It was soon realized, that Botany Bay could be used as an intermediary in trade between China and the East India Company, and its importance was even further crystallized. Thus, the government decided to take a firm hand in the manipulation of the colonization at Botany Bay - even though it was almost an ascertained fact that the colony would not survive very long.
When comparing Malaspina's Report and Heads of a Plan, it is easy to see that the latter has been written by someone impartial to the consequences of the proposed idea of a settlement in New South Wales. Heads of a Plan is a very strategized, and calculated, literary work of politics; focusing on the disposal of convicts from British Prisons - in a time of great crime and high social degradation - and their use abroad, for the benefit of the British Government. Everything concerning the implementation of the plan is given in minute detail in The Heads of a Plan, from the number of convicts to grace each ship to the amount of food to be carried aboard it from the different ports the ships will stop at on their journey, to the exact number of marines to be hired for the protection of the natives on the island and for the restoration of order both on the ships inland towards their journey and on land. Everything was calculated and penned down in minute detail, as though mapping out the future of a colony of long in the process of being made. (Frost, 1990)
Malaspina's Report, however, conveys a very different aim behind the decision of the British Government in the establishment of the colony at New South Wales. Alejandro Malaspina states in his report of the geographic and political advantages the location of the colony provided the British. He sheds light on the fact that aside from the scientific cover used by the British government in furthering many of their so-called enterprises - with the colonization at New South Wales being just such another - it is a method effectively used by the British to further their political and strategic clout. He further provides evidence that points towards the intended weakening of Britain's rival, Spain, via the formation of Botany Bay that would then prevent her from forming a colony of neighboring communities that might undertake international trade, thus spoiling Britain's chances of remaining the global ruling party. Both these documents point towards a strategic planning of colonization abroad, but the purpose of Malaspina's Report was more to lift the curtain and shed light on Britain's dirty laundry, rather than simply show the deliberation with which the colonies were founded, as is the case with Heads of a Plan. (Malaspina, 1793)
In using such a testimony as the one Wood quotes (i.e. the views of Governors Macquarie and Brisbane), the reader may judge the views to be entirely prejudiced against the free settlers in New South Wales. This is because the convicts, according to the testimonies of both governors, never interfered with the government's plans with the colony, and simply followed its lead in everyday life and matters of import.
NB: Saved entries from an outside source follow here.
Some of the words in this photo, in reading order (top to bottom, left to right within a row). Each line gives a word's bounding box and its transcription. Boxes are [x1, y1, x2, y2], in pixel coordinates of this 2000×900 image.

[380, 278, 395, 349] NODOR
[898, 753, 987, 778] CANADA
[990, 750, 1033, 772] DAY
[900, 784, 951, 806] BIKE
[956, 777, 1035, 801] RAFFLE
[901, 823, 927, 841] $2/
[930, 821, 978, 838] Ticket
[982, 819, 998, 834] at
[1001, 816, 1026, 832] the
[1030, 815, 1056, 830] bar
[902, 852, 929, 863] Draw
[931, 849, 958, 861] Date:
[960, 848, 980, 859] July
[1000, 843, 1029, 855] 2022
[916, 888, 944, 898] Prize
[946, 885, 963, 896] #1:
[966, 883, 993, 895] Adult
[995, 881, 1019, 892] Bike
The free settlers, however, tried to impose their own will upon the laws governing the colony of New South Wales, as they were not ridden with guilt or humility of any kind due to past stigmas, causing many a tussle to occur between the government authorities and the immigrants that had freely decided to join. The British aristocracy was not able to rule over them as it was with the emancipators, as the latter lived life judging people on character and not on the wealth the accumulated. This was possibly also because the colony of New South Wales had nothing to fight for, and everything the convict settlers achieved they built from the ground up. Thus, when the immigrants arrived after a few years, they found an already-established colony where people lived for one another, and not for everyday miniscule greed like the one ruling most of the English gentry. There was no social status dividing the two, as all were equal and thus did not demand much from the government, as they knew everything would be done by them. The immigrants, however, were not so generous. When looked upon from that angle, it may be said that the government resented the interference it received from the immigrants, who were not at all scared of the repercussions of standing up against any regulations they deemed impertinent, thus becoming a major barrier in the way of settling peace in the land. (Wood, 1993)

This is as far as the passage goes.